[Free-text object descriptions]
-- Opening Marker --

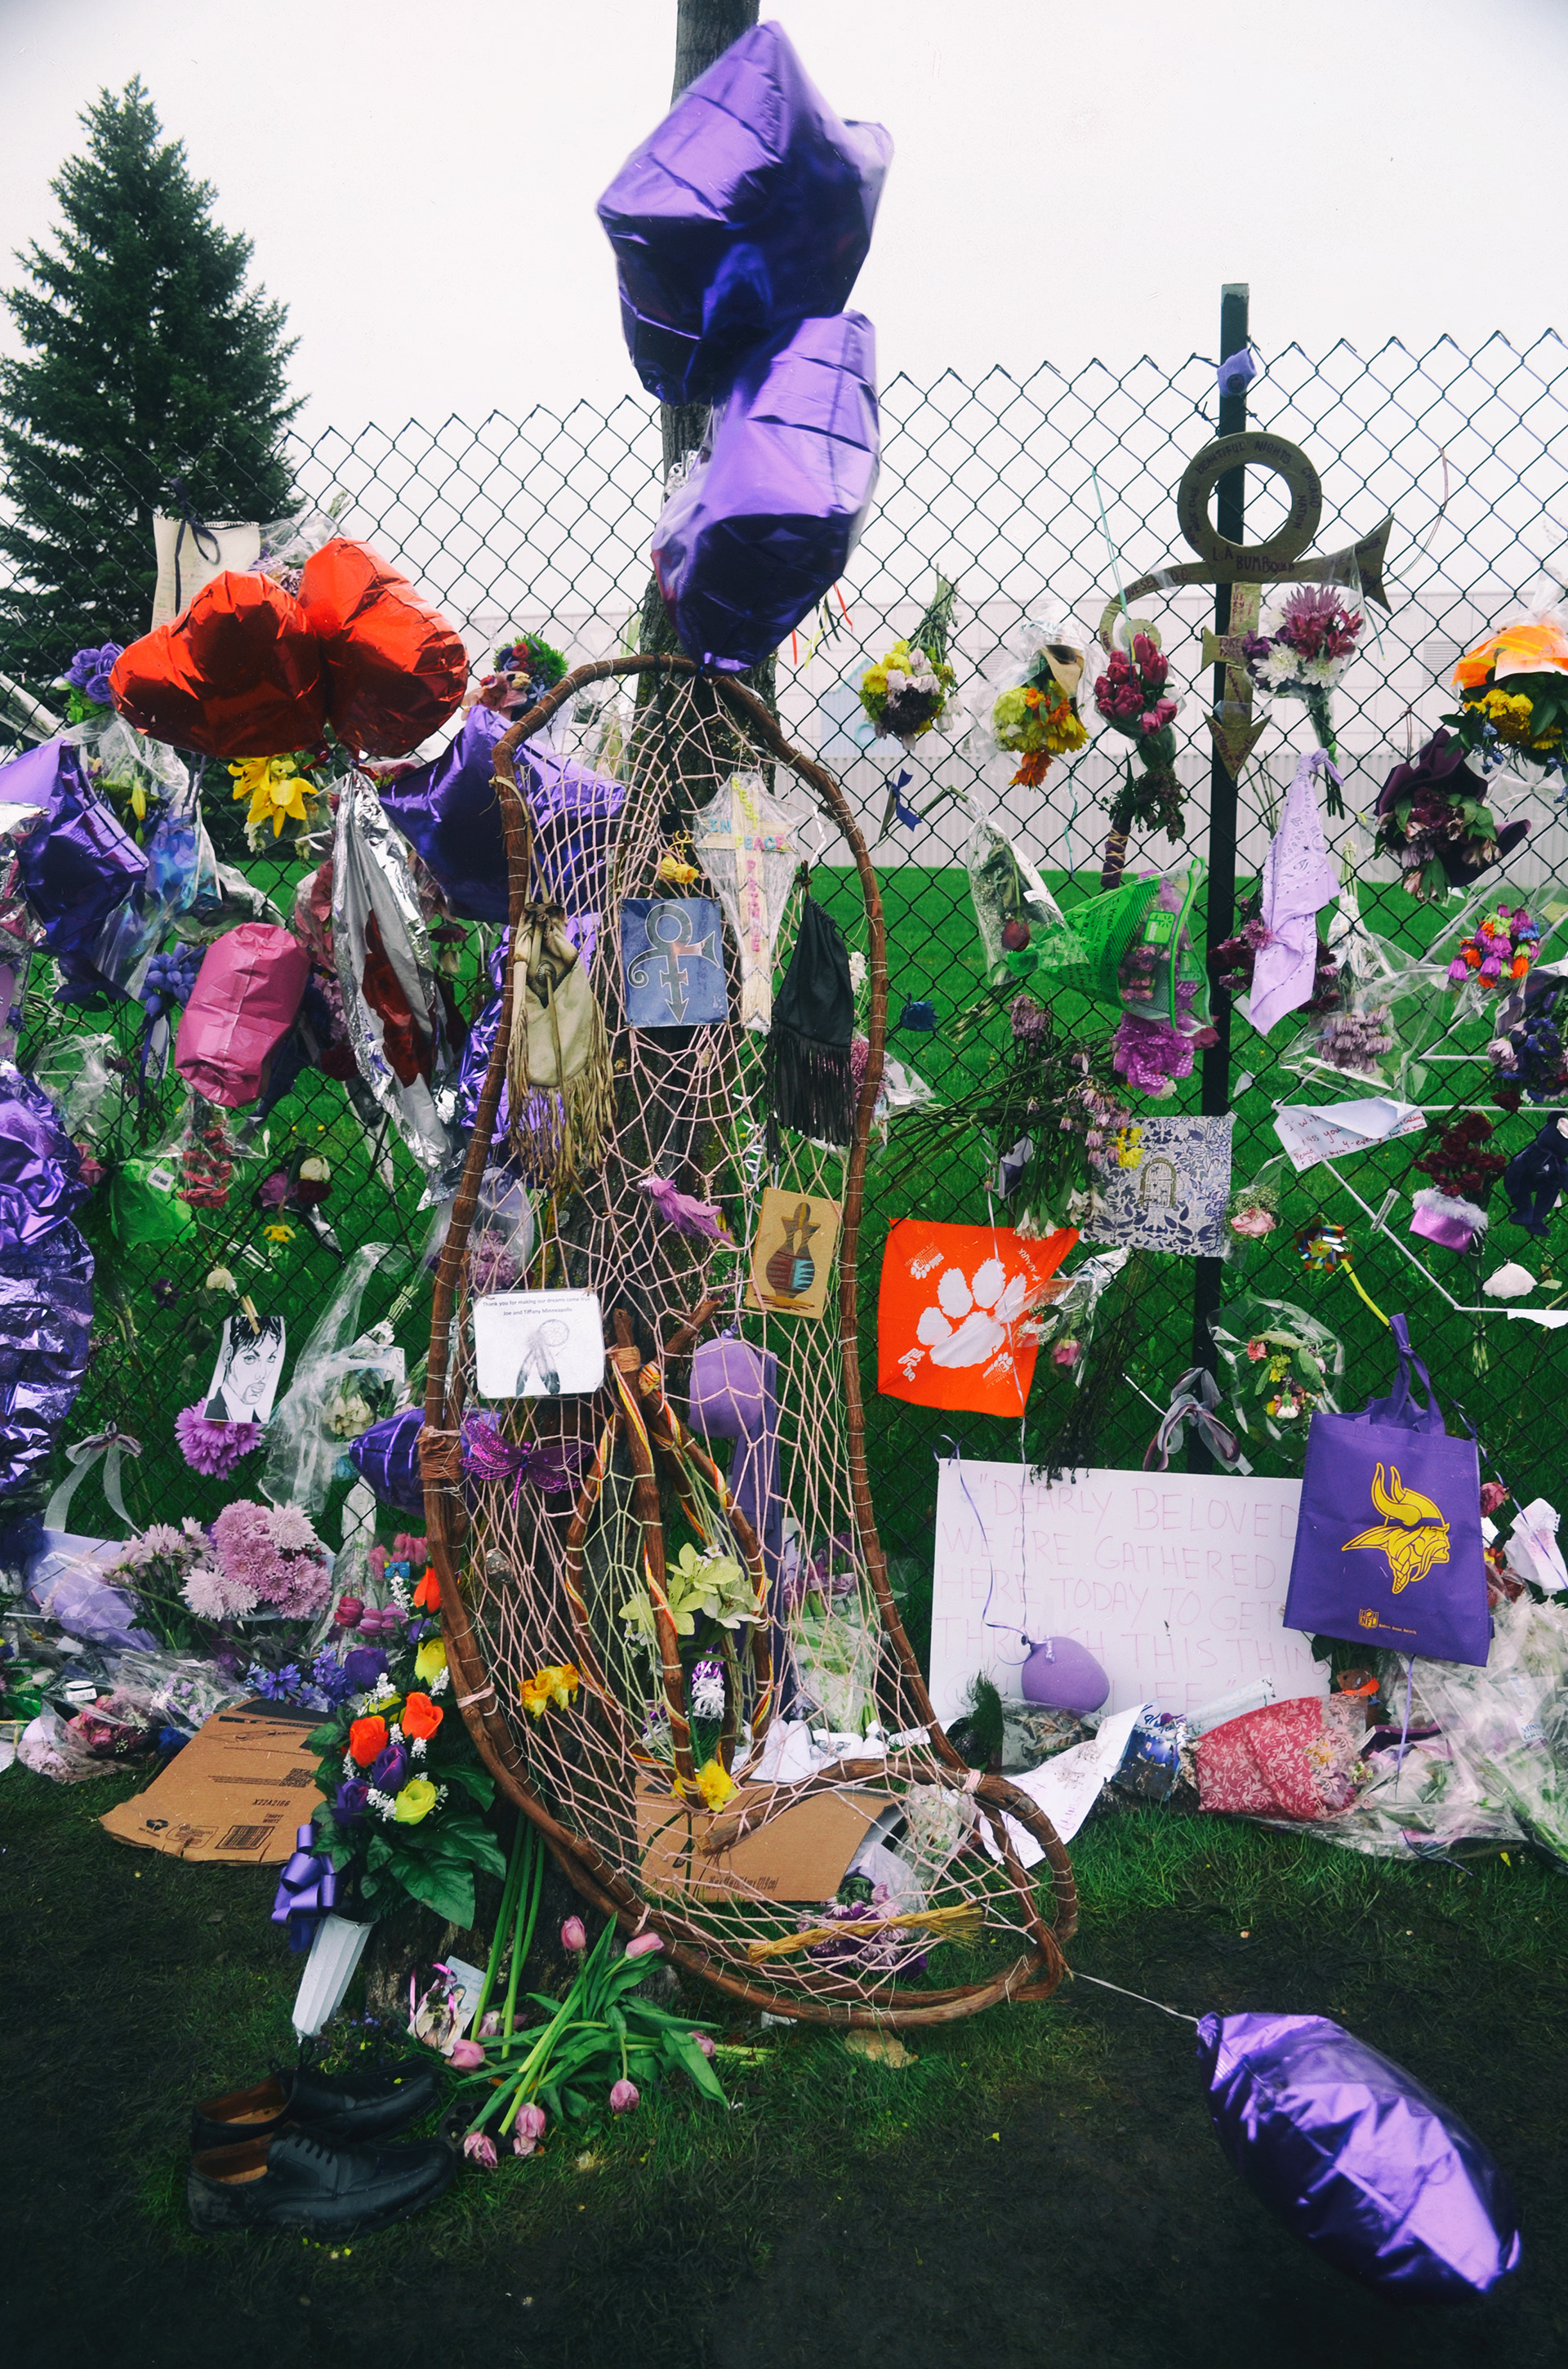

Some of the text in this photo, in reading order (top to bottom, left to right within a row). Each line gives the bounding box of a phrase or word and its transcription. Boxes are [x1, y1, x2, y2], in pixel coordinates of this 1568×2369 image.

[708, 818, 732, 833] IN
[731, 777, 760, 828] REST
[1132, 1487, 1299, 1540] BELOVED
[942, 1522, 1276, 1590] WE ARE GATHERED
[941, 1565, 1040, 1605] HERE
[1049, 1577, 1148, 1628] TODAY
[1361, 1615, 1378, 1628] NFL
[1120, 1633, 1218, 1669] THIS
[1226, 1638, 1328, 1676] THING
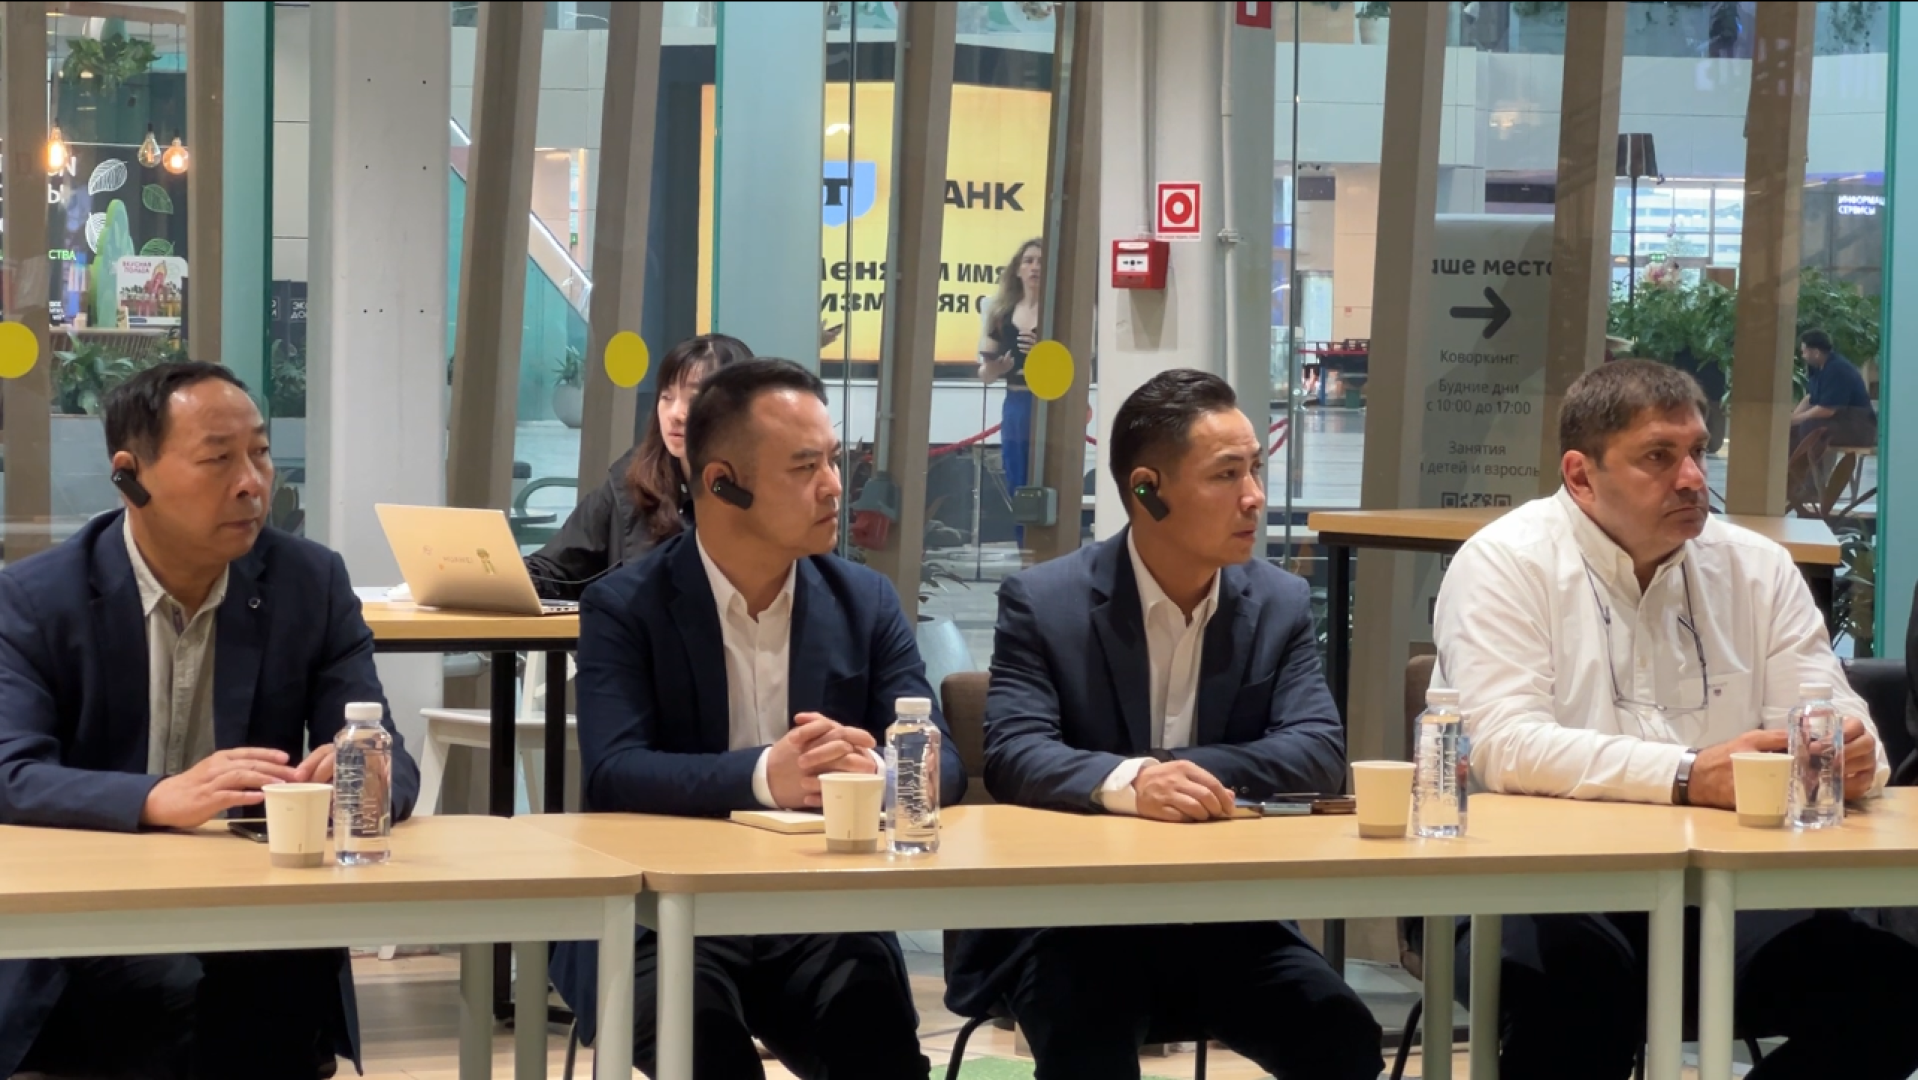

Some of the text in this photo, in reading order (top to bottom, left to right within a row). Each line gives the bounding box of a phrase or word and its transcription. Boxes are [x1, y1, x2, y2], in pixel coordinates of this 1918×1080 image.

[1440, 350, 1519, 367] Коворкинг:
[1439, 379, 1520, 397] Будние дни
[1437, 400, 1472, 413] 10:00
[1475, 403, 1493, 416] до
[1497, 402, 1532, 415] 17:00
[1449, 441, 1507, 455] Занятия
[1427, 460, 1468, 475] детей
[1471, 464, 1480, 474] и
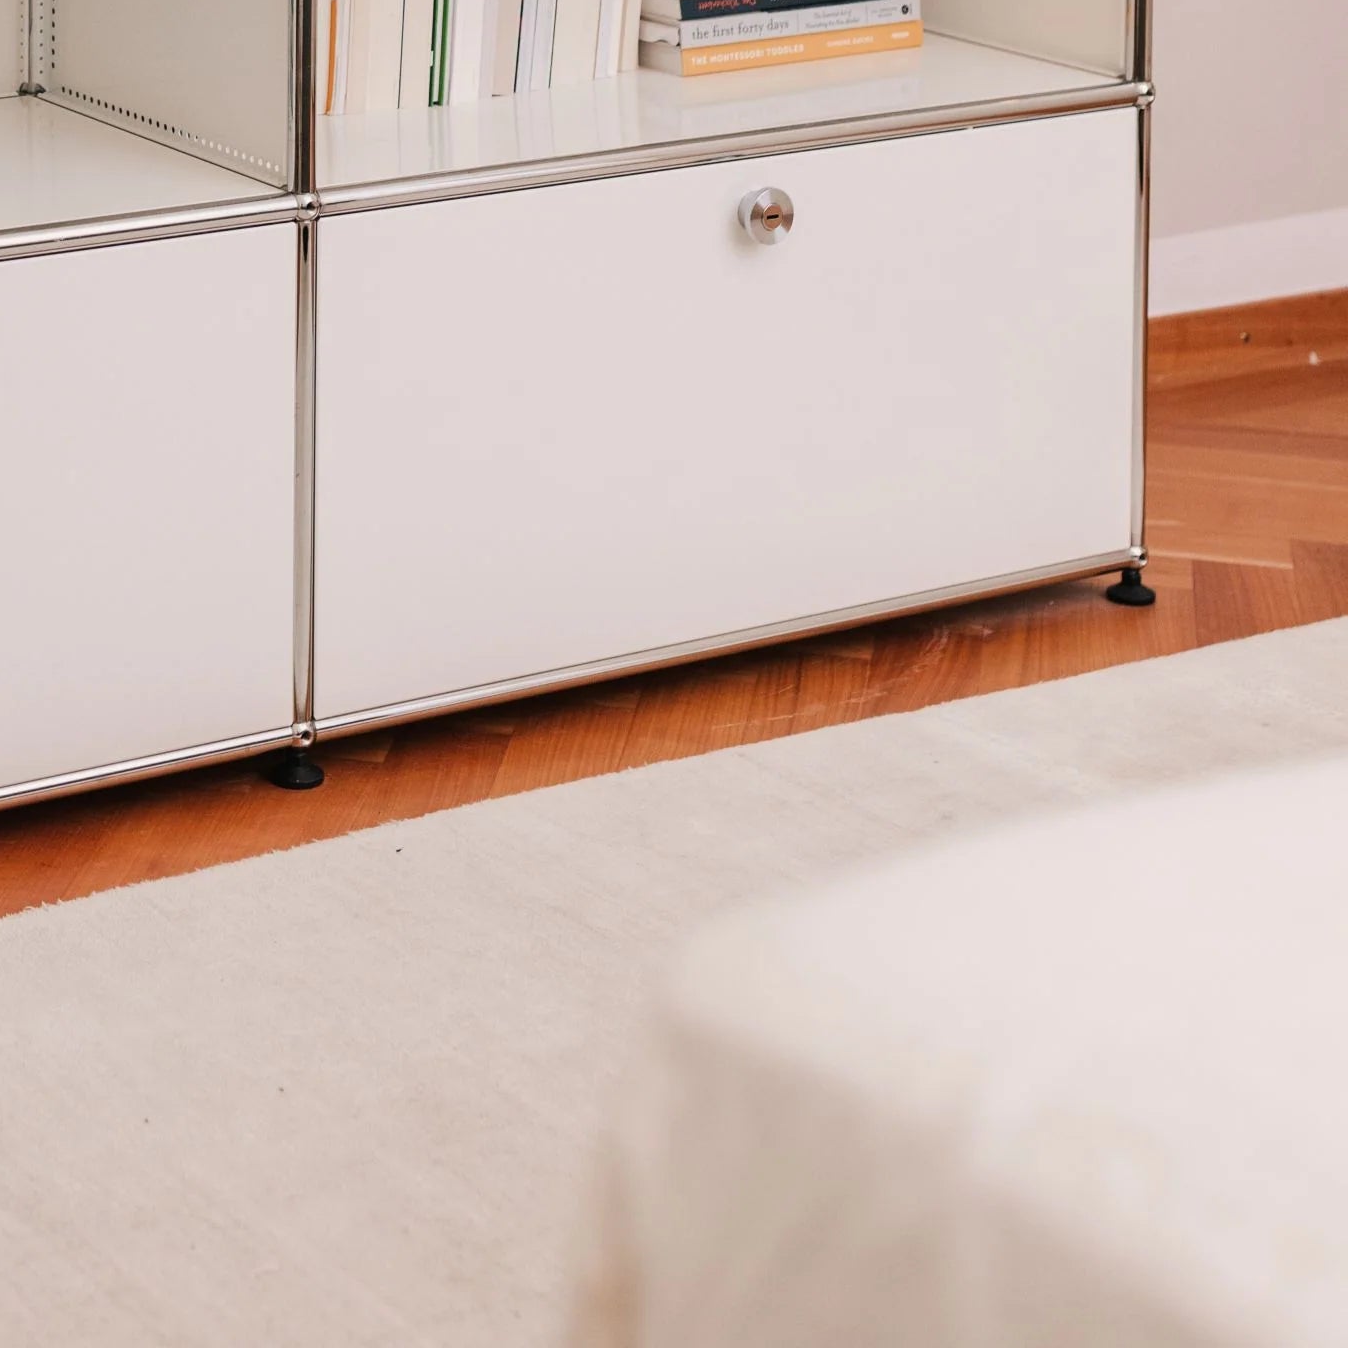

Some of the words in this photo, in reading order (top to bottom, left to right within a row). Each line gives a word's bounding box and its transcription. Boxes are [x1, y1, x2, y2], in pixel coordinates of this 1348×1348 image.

-- Closing Marker --

ACTIVITY: Drop every image, please, and write out the data above exactly as shown.

EXERCISE RESULT:
Some of the text in this photo, in reading order (top to bottom, left to right within a row). Each line gives the bounding box of a phrase or word and its transcription. Boxes are [x1, y1, x2, y2], in pixel coordinates of this 1568×2369 image.

[708, 818, 732, 833] IN
[731, 777, 760, 828] REST
[1132, 1487, 1299, 1540] BELOVED
[942, 1522, 1276, 1590] WE ARE GATHERED
[941, 1565, 1040, 1605] HERE
[1049, 1577, 1148, 1628] TODAY
[1361, 1615, 1378, 1628] NFL
[1120, 1633, 1218, 1669] THIS
[1226, 1638, 1328, 1676] THING

Some of the text in this photo, in reading order (top to bottom, left to right within a row). Each line gives the bounding box of a phrase or word and its transcription. Boxes are [x1, y1, x2, y2], in pixel coordinates of this 1918×1080 image.

[1440, 350, 1519, 367] Коворкинг:
[1439, 379, 1520, 397] Будние дни
[1437, 400, 1472, 413] 10:00
[1475, 403, 1493, 416] до
[1497, 402, 1532, 415] 17:00
[1449, 441, 1507, 455] Занятия
[1427, 460, 1468, 475] детей
[1471, 464, 1480, 474] и

Some of the words in this photo, in reading order (top to bottom, left to right within a row). Each line gives a word's bounding box and its transcription. Boxes are [x1, y1, x2, y2], in pixel coordinates of this 1348×1348 image.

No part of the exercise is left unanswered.